[[ RECORDS FOR THIS EXERCISE, beginning ]]

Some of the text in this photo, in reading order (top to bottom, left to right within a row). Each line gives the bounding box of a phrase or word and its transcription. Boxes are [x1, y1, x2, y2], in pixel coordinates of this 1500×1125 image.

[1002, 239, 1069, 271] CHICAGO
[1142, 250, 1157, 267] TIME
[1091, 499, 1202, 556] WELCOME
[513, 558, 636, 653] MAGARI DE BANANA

[[ RECORDS FOR THIS EXERCISE, end ]]

- _TASK GOAL_
Transcribe all of the data above, keeping each line exactly as it stands.

- _WRITTEN RESPONSE_
Some of the text in this photo, in reading order (top to bottom, left to right within a row). Each line gives the bounding box of a phrase or word and its transcription. Boxes are [x1, y1, x2, y2], in pixel coordinates of this 1500×1125 image.

[1002, 239, 1069, 271] CHICAGO
[1142, 250, 1157, 267] TIME
[1091, 499, 1202, 556] WELCOME
[513, 558, 636, 653] MAGARI DE BANANA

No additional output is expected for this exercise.